HEXENJAGD

Schauspiel von Arthur Miller
 

Eigentlich haben die Mädchen im Wald nur getanzt. Aber am nächsten Morgen liegen einige mit seltsamen Symptomen im Bett. Die fromme Stadt Salem gerät in Aufruhr. Von dunklen Mächten und Hexerei ist die Rede. Reverend Hale stellt die Mädchen zur Rede.

Doch sie setzen sich zur Wehr und beschuldigen die schwächsten Glieder der Gemeinschaft, mit dem Teufel im Bunde zu stehen: Eine Obdachlose und eine Bettlerin werden verurteilt. In einem extra einberufenen Gerichtsverfahren werden die Aussagen der Mädchen zum alleinigen Massstab für Schuld und Unschuld, Tod und Leben.

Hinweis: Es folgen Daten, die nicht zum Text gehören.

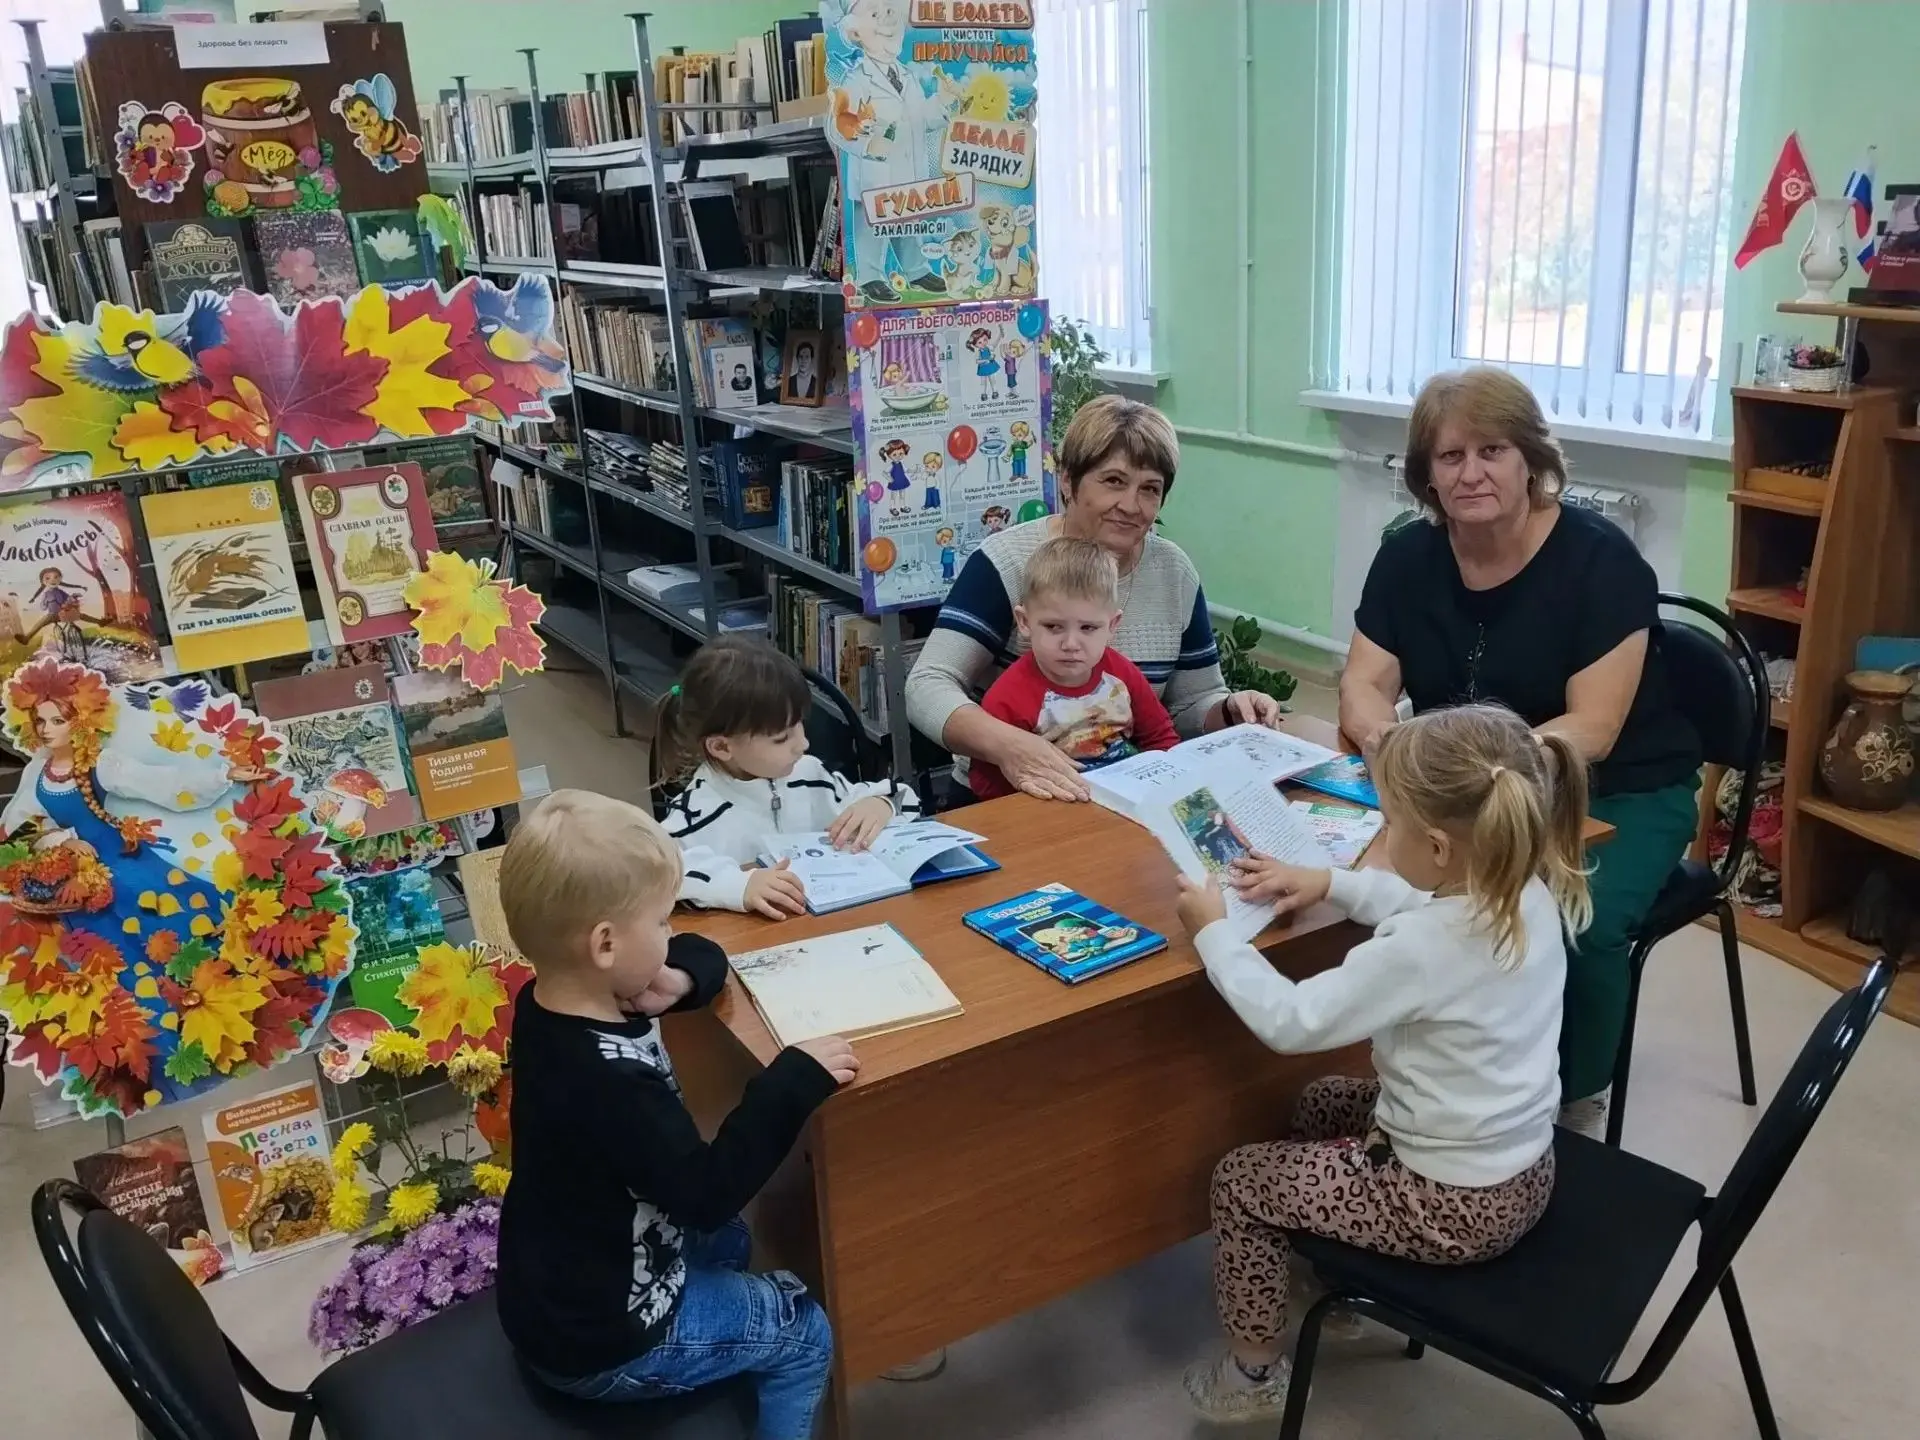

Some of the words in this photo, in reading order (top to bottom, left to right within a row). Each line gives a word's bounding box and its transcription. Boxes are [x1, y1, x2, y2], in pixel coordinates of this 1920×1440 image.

Arthur Millers «Hexenjagd» bezieht sich auf einen realen Fall der Hexenverfolgung 1692 in Salem, Massachusetts. 1953 geschrieben, zeigt Miller mitten in der McCarthy-Ära in den USA, als aus Furcht vor dem Kommunismus Verdächtige ohne Beweise verfolgt wurden, dass der historische Stoff seine Aktualität nicht eingebüsst hat. Eine Bewegung, die von Angst und Hass gespeist ist und der Wirklichkeit mit alternativen Fakten gegenübertritt, gewinnt immer mehr Anhänger.